Roger will say, “Oh god.

And Syd Barrett will say, “What?”

Roger will say, “Your eyes, man.”

And Syd will respond, with his madcap laugh, “What about ‘em? Do I have three now?”

“You’re obviously high, Syd. Don’t lie to me.”

“I’m not fucking high.”

“You’re high as a fucking kite. As the fucking Apollo missions, mate.”

“I am not.”

Roger will rise from his chair, and he will say, with more sadness than anger, “Syd, don’t lie to me. I know you’re high.”

“I’m not-”

“Syd. I know what being high looks like. I know what you look like when you’re high.”

“I might have had some mandies. One or two.”

“Syd, you can’t keep doing this. You said, Syd. You fucking promised, man.”

“I don’t do well alone. You know that. Come on…”

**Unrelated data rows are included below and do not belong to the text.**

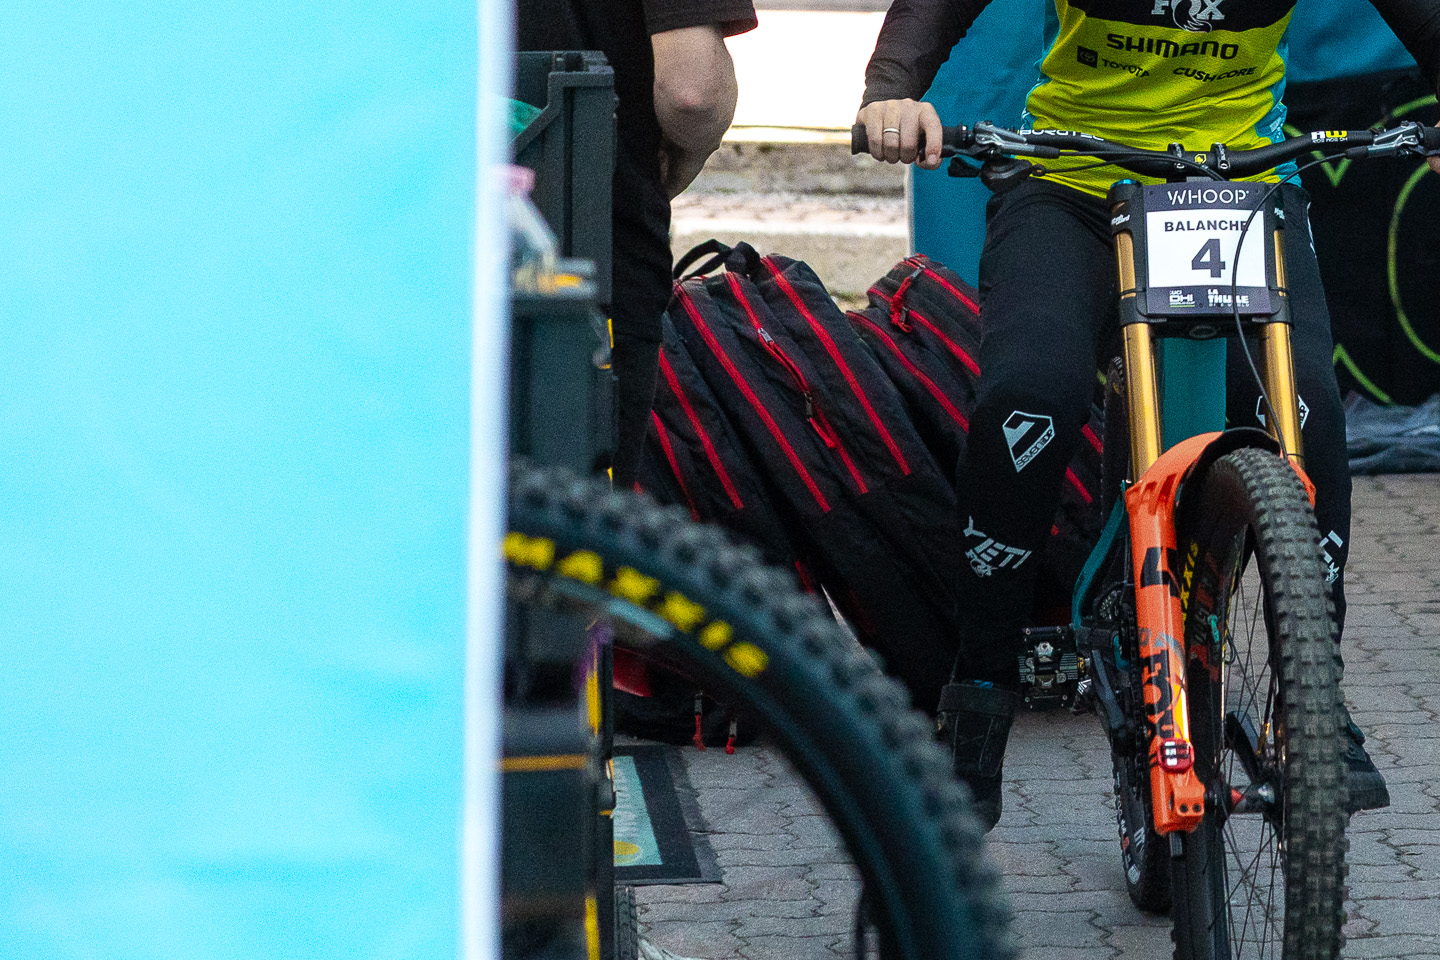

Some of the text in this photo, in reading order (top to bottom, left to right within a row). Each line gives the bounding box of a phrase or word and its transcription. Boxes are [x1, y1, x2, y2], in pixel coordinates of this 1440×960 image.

[1106, 33, 1240, 60] SHIMANO
[1102, 58, 1150, 78] TOYOTA
[1167, 189, 1247, 205] WHOOP
[1164, 220, 1249, 232] BALANCHE
[1191, 238, 1226, 278] 4
[1207, 294, 1249, 304] THULE

“I don’t know what to do anymore, Syd. We let you take some time off, we were OK with that, and it seemed like you’d gotten better, it did. You even went back on tour, Syd. With us. And now?”

“I’m…”

“Don’t say that you’re sorry, Syd.”

Roger will stand back up from his chair, and he will leave, and Syd will just stay sitting, a cigarette burning away between his fingers, and his eyes utterly hollow and utterly dead.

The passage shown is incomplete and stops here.